Structured accountability for AI agents — markdown-based knowledge protocol

Readme

Lobsidian

npm version License: MIT

Structured accountability for AI agents. Plain markdown files that are simultaneously the agent's memory and the team's knowledge base.

Quick Start

npx lobsidian init ./my-project

That's it. Open my-project/Start Here.md to see what was created, or point an AI agent at my-project/_lobsidian/AGENT.md and it immediately knows how to operate.

To install globally:

npm install -g lobsidian

Requires Node.js 18+.

Why Lobsidian?

Existing AI memory tools (Mem0, Zep, Letta) solve what an agent can recall. Lobsidian solves what an agent is accountable for -- who delegated that authority, and how improvements surface.

Give an AI agent access to files and it will do things. But:

  • Who said it should? No record of why work was started or who approved it.
  • Is it working? No success criteria, no review dates, no feedback loop.
  • What's the scope? Agents drift. Without boundaries, they reorganize your entire vault.
  • Where's the audit trail? Actions happen, but the reasoning disappears with the conversation.

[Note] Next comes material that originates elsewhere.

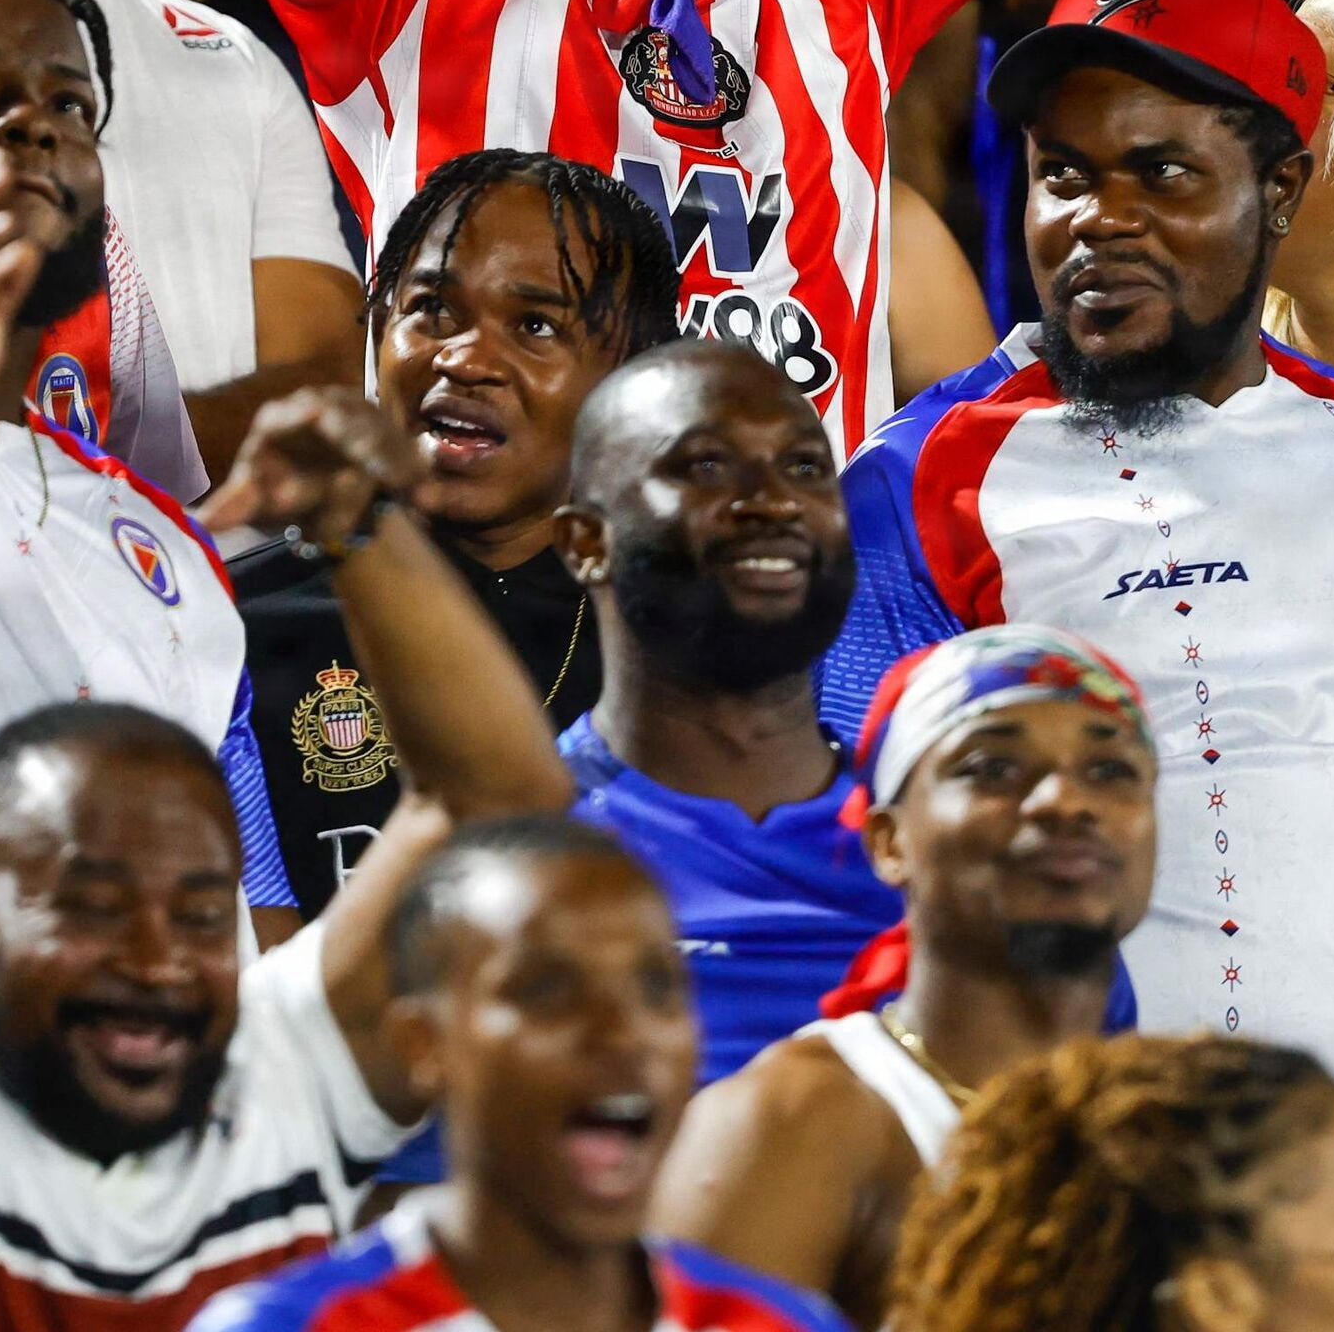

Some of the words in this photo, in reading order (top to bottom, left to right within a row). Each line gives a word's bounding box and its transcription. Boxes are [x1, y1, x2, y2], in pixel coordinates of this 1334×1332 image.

[652, 97, 697, 117] SUNDERLAND
[53, 377, 73, 387] HAITI
[1102, 561, 1249, 601] SAETA

Lobsidian fixes this with a simple protocol: every piece of work traces a chain from motive (why) to decision (what, with human consent) to task (concrete work, with outcome). Decisions carry review dates, closing the loop.

How It Works

MOTIVE (why)         "Website is slow, losing visitors"
    |
DECISION (what)      "Implement CDN caching"
    |                 success_criteria: "Lighthouse > 90"
    |                 review_date: 2026-05-20
    |                 status: proposed -> [human consents] -> active
    |
TASK (work)          "Configure CloudFront distribution"
    |                 assignee: my-agent
    |                 outcome: "Lighthouse 94, load time 1.4s"
    |
REVIEW               Is the motive still relevant?
                      Did the decision meet its criteria?

Every file is a markdown file with YAML frontmatter. Frontmatter is the API. Folders are human convenience.

Usage

Create a Vault

lobsidian init ./my-project

The path is where Lobsidian creates the vault structure. Use any directory -- ./my-project, /path/to/vault, or . for the current directory.

Options:

  • --name "My Project" -- vault display name (defaults to directory name)
  • --agent "my-agent" -- default agent name (defaults to "agent")

This creates:

my-project/
  _lobsidian/           # System files (agent skill, config, templates, procedures)
  Motives/              # Why something needs attention
  Decisions/            # What was decided and why
  Tasks/                # Concrete work items
  Knowledge/            # Reference material and notes
  Journal/              # Chronological entries
  Inbox/                # Unprocessed items
  Archive/              # Completed items (nothing is deleted)
  Start Here.md         # Orientation guide
  .gitignore

Validate a Vault

lobsidian validate ./my-project
# OK  7 files checked, 0 errors, 0 warnings

lobsidian validate ./my-project --fix    # Auto-fix: stale claims, orphaned tasks
lobsidian validate ./my-project --json   # Machine-readable output

21 checks covering frontmatter schemas, broken wiki-links, circular references, consent bypasses, overdue reviews, and more.

Connect an Agent

Agent Skills (recommended): If your platform supports Agent Skills, Lobsidian ships a skill file at skills/lobsidian/SKILL.md. No extra configuration needed -- the agent discovers it automatically.

Manual one-liner:

lobsidian init ./my-project --print-shim

Outputs a shim you can paste into your agent's startup context (e.g. CLAUDE.md, .cursorrules).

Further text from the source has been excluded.